TASK STATEMENT » Every record below, from first to last, should be copied exactly; leave the pictures out.

(Free-text object descriptions)
+-------+

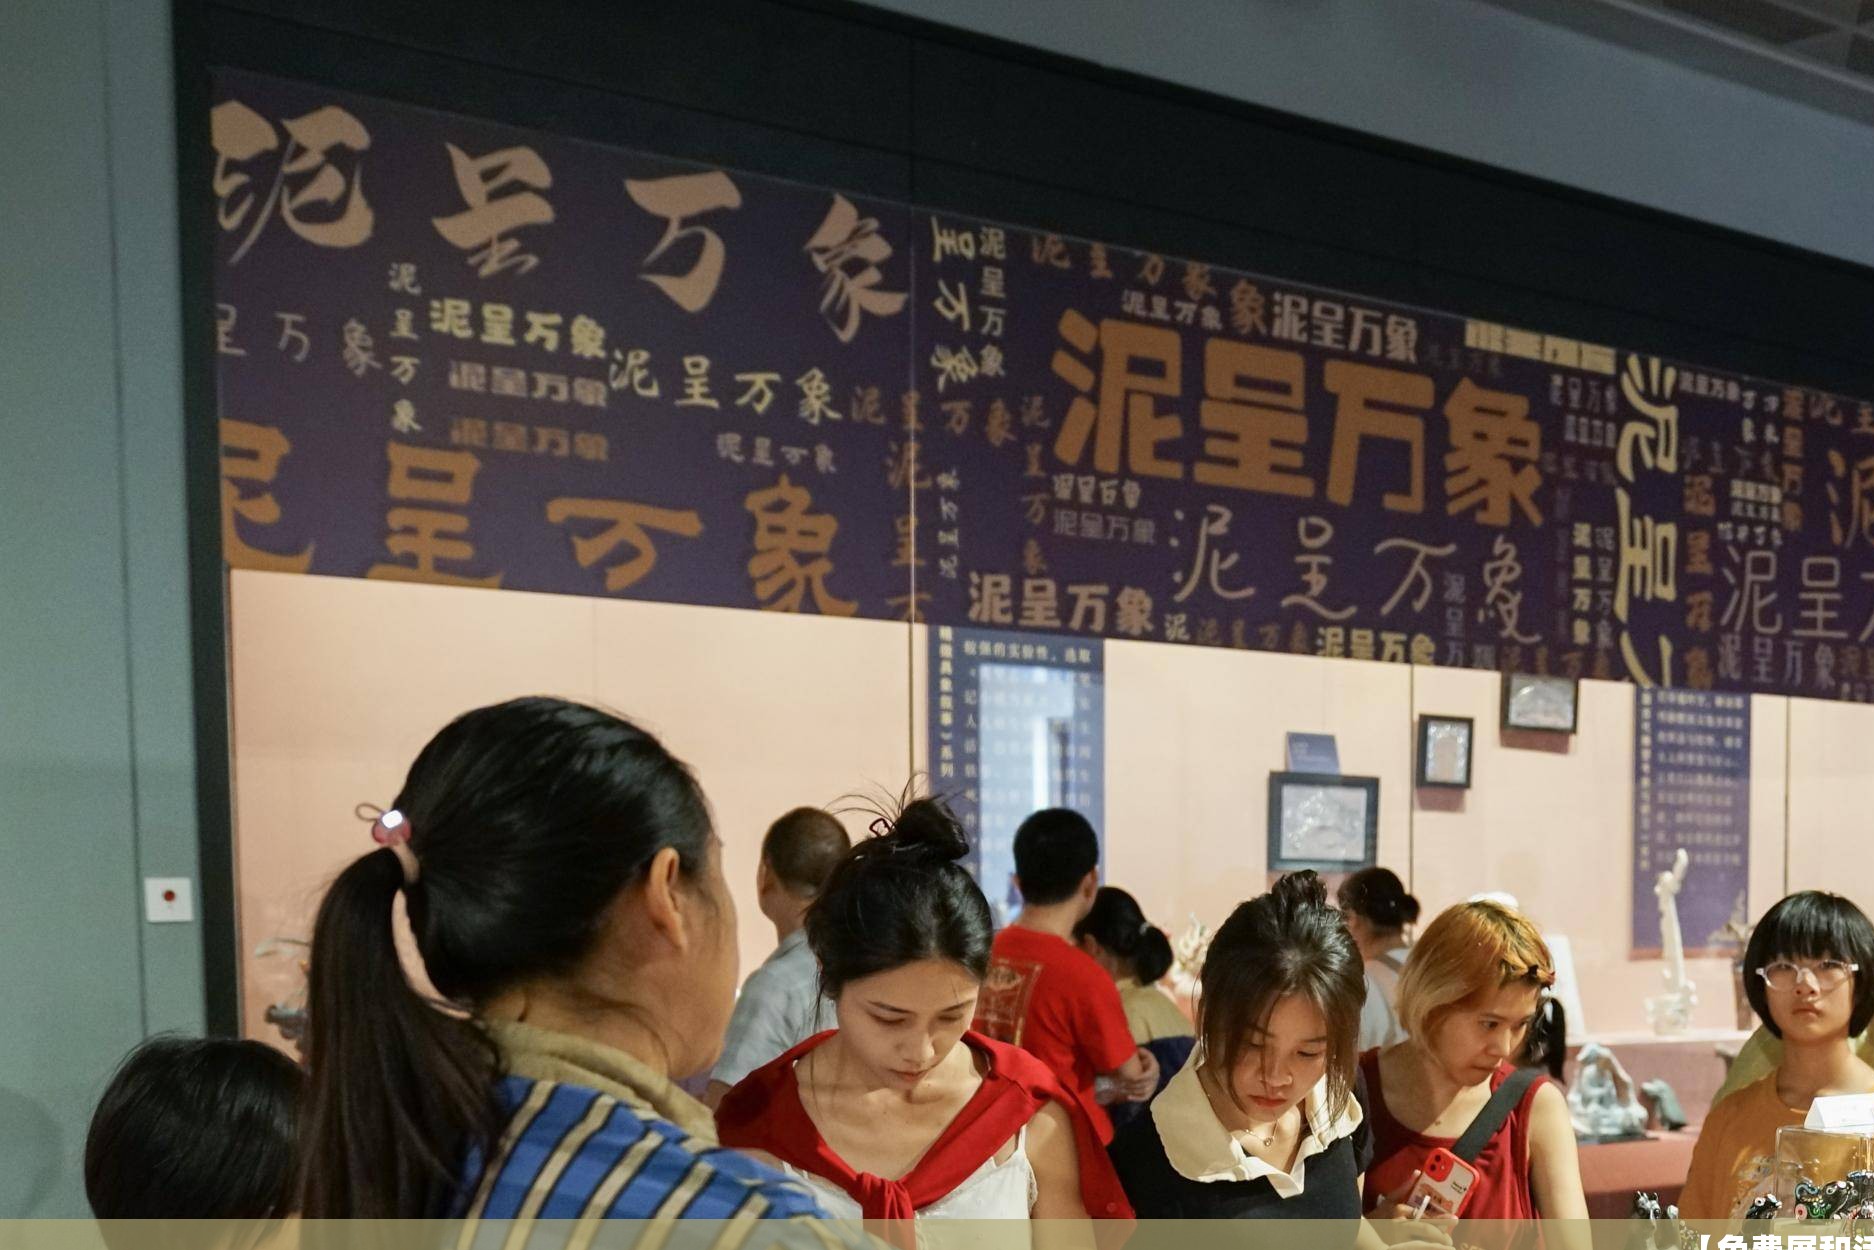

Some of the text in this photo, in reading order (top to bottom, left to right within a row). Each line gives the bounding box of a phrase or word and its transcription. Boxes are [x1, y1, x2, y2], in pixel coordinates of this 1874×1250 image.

[429, 298, 608, 360] 泥呈万象
[1271, 290, 1419, 366] 泥呈万象
[608, 349, 844, 426] 泥呈万象
[1051, 308, 1545, 528] 泥呈万象
[967, 570, 1154, 637] 泥呈万象
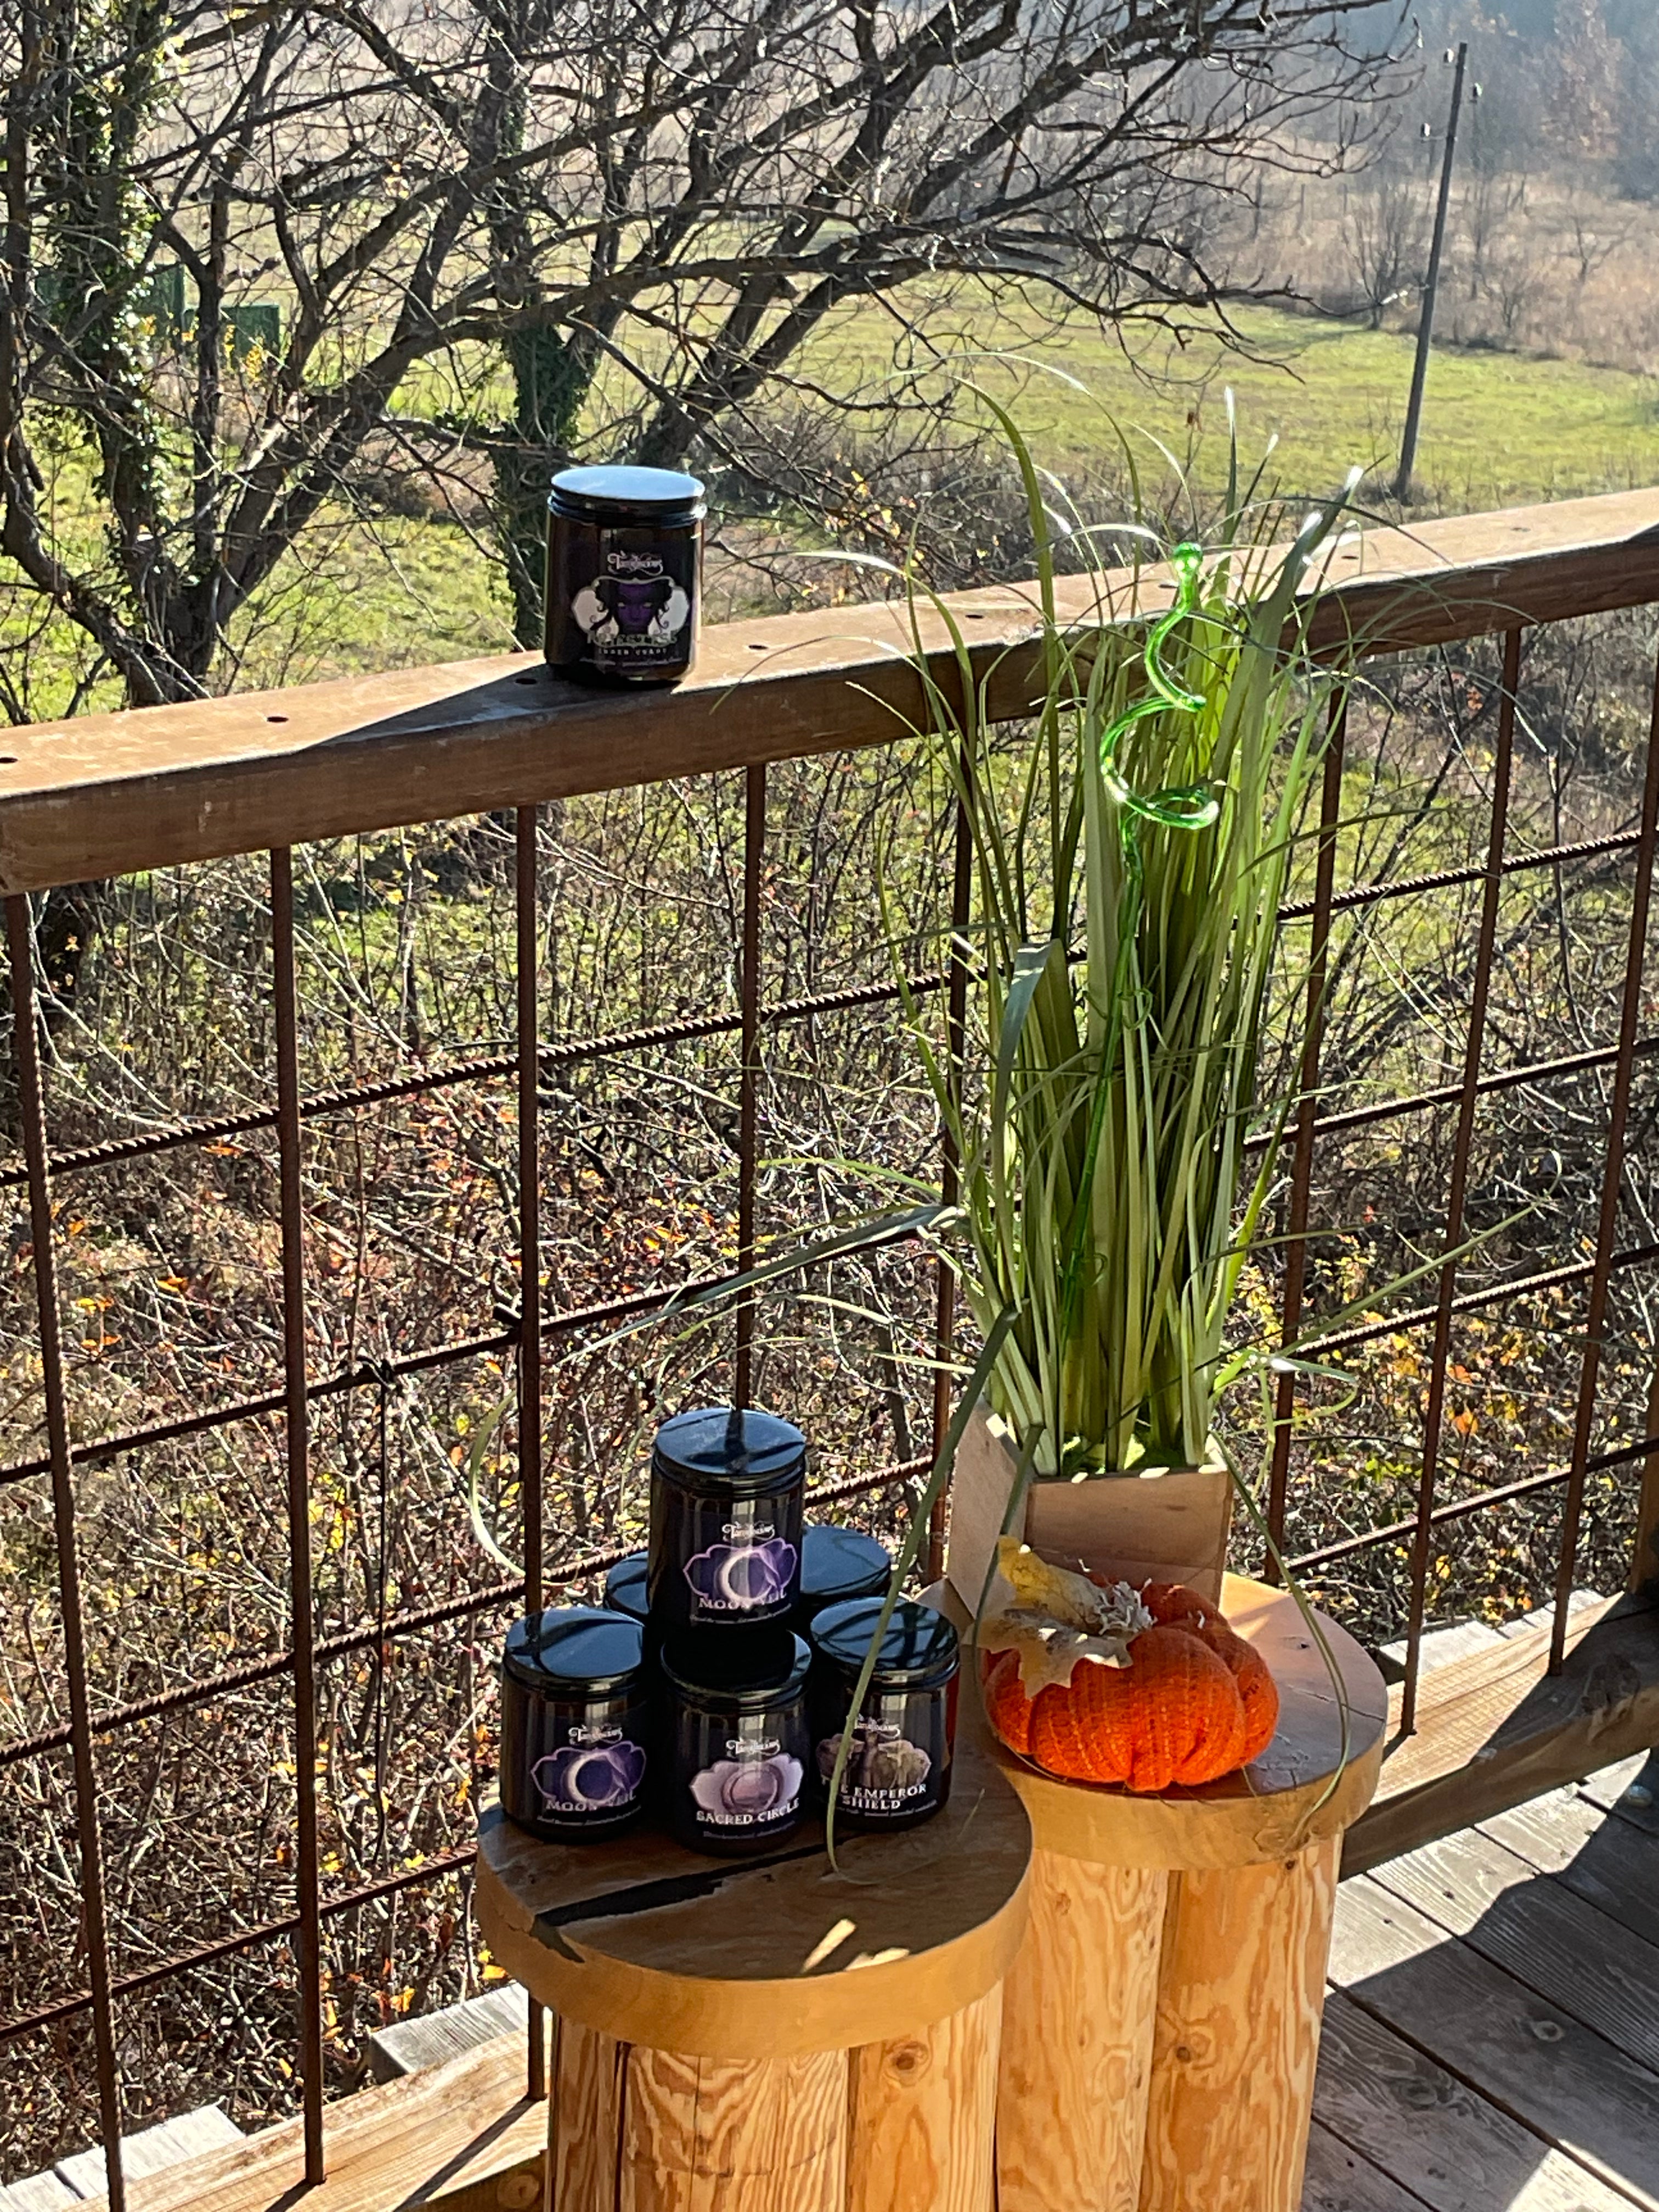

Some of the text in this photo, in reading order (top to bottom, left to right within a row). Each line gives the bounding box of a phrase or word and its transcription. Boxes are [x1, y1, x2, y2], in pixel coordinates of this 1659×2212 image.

[854, 1784, 927, 1799] EMPEROR
[842, 1795, 901, 1810] SHIELD
[696, 1798, 799, 1825] SACRED CIRCLE

+-------+

YOUR RESPONSE »
Some of the text in this photo, in reading order (top to bottom, left to right within a row). Each line gives the bounding box of a phrase or word and its transcription. Boxes are [x1, y1, x2, y2], in pixel coordinates of this 1874×1250 image.

[429, 298, 608, 360] 泥呈万象
[1271, 290, 1419, 366] 泥呈万象
[608, 349, 844, 426] 泥呈万象
[1051, 308, 1545, 528] 泥呈万象
[967, 570, 1154, 637] 泥呈万象

Some of the text in this photo, in reading order (top to bottom, left to right within a row). Each line gives the bounding box of a phrase or word and its transcription. Boxes are [x1, y1, x2, y2], in pixel coordinates of this 1659×2212 image.

[854, 1784, 927, 1799] EMPEROR
[842, 1795, 901, 1810] SHIELD
[696, 1798, 799, 1825] SACRED CIRCLE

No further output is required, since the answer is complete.